Introduction: The aim of the present study was to investigate the association between premature coronary artery disease and Glu298Asp polymorphism of the endothelial nitric oxide synthase gene.
Materials and methods: The eNOS gene polymorphism was analysed in 115 (mean age, 48.1+/-7.9 years) Turkish patients with a diagnosis of premature coronary artery disease and 83 (mean age, 44.6+/-1.4 years) control subjects. The Glu298Asp polymorphism of the endothelial nitric oxide synthase gene was determined by polymerase chain reaction and restriction fragment length polymorphism.
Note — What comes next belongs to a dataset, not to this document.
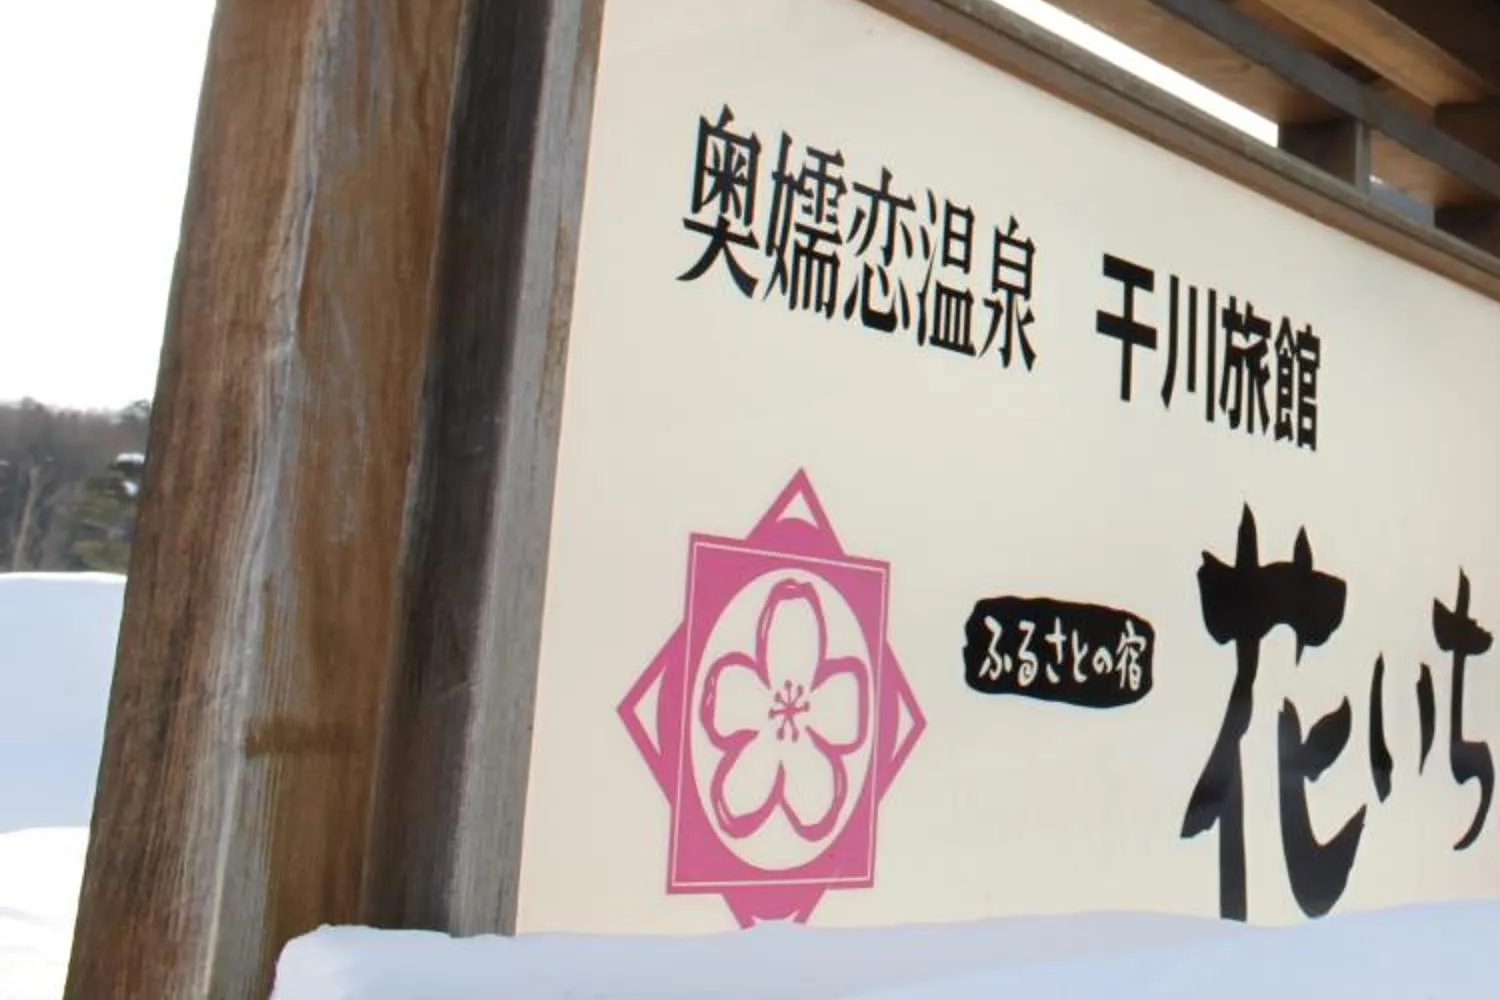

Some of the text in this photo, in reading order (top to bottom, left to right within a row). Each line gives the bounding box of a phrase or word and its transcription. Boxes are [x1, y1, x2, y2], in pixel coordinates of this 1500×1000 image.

[675, 103, 1320, 451] 奥嬬恋温泉 干川旅館
[978, 615, 1148, 691] ふるさとの宿
[1180, 499, 1494, 922] 花いち
Results: The patients group showed an increase in the frequency of the T allele compared to controls (0.456 versus 0.169, p=0.0001). There was a significant association between the TT genotype and premature coronary artery disease [eNOS TT vs. TG and GG; OR=17.000 (CI 95% 3.952-73.125, p=0.0001)]. The eNOS T/G genotypes were not associated with the number of affected vessels (p>0.05). In addition, the family history of premature coronary artery disease, smoking, diabetes, obesity, dyslipidemia and eNOS TT genotype were independent risk factors of coronary artery disease. The patients with eNOS TT genotype had 15 fold risk of coronary artery disease compared with the control group [OR=15.356(CI 95% 3.262-77.289, p=0.001)].
Conclusions: These results suggest that premature coronary artery disease is associated with the Glu298Asp polymorphism of the endothelial nitric oxide synthase gene in our population.